BEGIN EXCERPTED DATA

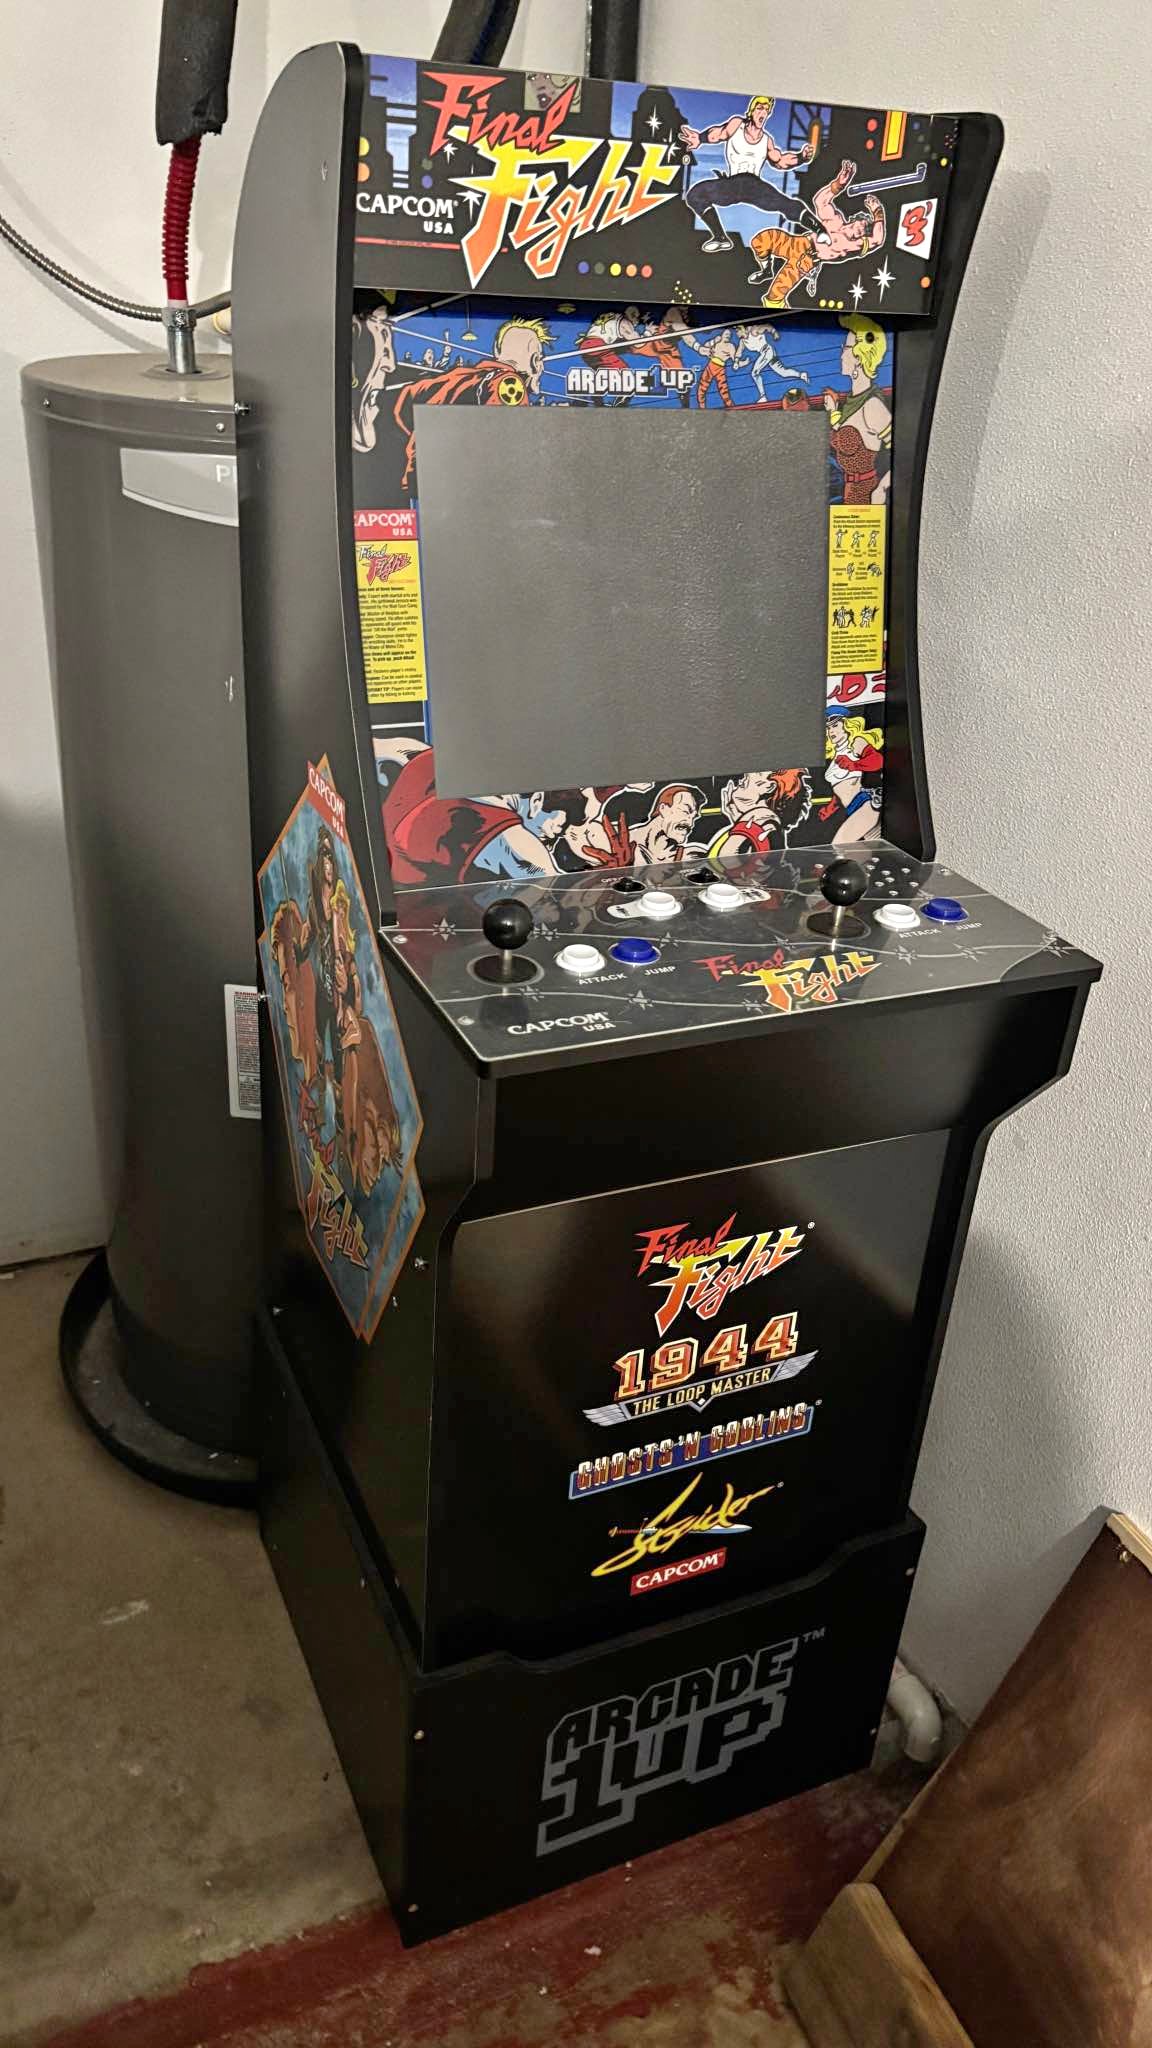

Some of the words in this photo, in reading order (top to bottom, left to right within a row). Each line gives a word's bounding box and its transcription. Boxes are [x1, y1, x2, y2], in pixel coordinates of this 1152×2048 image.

[423, 70, 581, 157] Final
[356, 192, 455, 219] CAPCOM
[423, 221, 454, 235] USA
[447, 126, 682, 289] Fight
[393, 528, 413, 537] USA
[308, 767, 345, 823] CAPCOM
[898, 928, 942, 938] ATTACK
[955, 922, 983, 931] JUMP
[577, 972, 628, 985] ATTACK
[643, 965, 677, 976] JUMP
[691, 947, 785, 983] Final
[721, 951, 882, 1013] Fight
[507, 1012, 610, 1035] CAPCOM
[582, 1021, 616, 1032] USA
[634, 1211, 736, 1278] Final
[648, 1224, 809, 1337] Fight
[613, 1310, 799, 1400] 1944
[632, 1393, 661, 1416] THE
[666, 1383, 706, 1408] LOOP
[710, 1367, 773, 1396] MASTER
[576, 1439, 674, 1492] GHOSTS
[709, 1401, 810, 1453] GOBLINS
[635, 1553, 720, 1590] CAPCOM
[548, 1637, 800, 1762] ARCADE
[536, 1689, 788, 1857] 1UP

END EXCERPTED DATA

» AIM OF THE TASK
Repeat all of the records verbatim, leaving out the pictures.

» RESPONSE
Some of the words in this photo, in reading order (top to bottom, left to right within a row). Each line gives a word's bounding box and its transcription. Boxes are [x1, y1, x2, y2], in pixel coordinates of this 1152×2048 image.

[423, 70, 581, 157] Final
[356, 192, 455, 219] CAPCOM
[423, 221, 454, 235] USA
[447, 126, 682, 289] Fight
[393, 528, 413, 537] USA
[308, 767, 345, 823] CAPCOM
[898, 928, 942, 938] ATTACK
[955, 922, 983, 931] JUMP
[577, 972, 628, 985] ATTACK
[643, 965, 677, 976] JUMP
[691, 947, 785, 983] Final
[721, 951, 882, 1013] Fight
[507, 1012, 610, 1035] CAPCOM
[582, 1021, 616, 1032] USA
[634, 1211, 736, 1278] Final
[648, 1224, 809, 1337] Fight
[613, 1310, 799, 1400] 1944
[632, 1393, 661, 1416] THE
[666, 1383, 706, 1408] LOOP
[710, 1367, 773, 1396] MASTER
[576, 1439, 674, 1492] GHOSTS
[709, 1401, 810, 1453] GOBLINS
[635, 1553, 720, 1590] CAPCOM
[548, 1637, 800, 1762] ARCADE
[536, 1689, 788, 1857] 1UP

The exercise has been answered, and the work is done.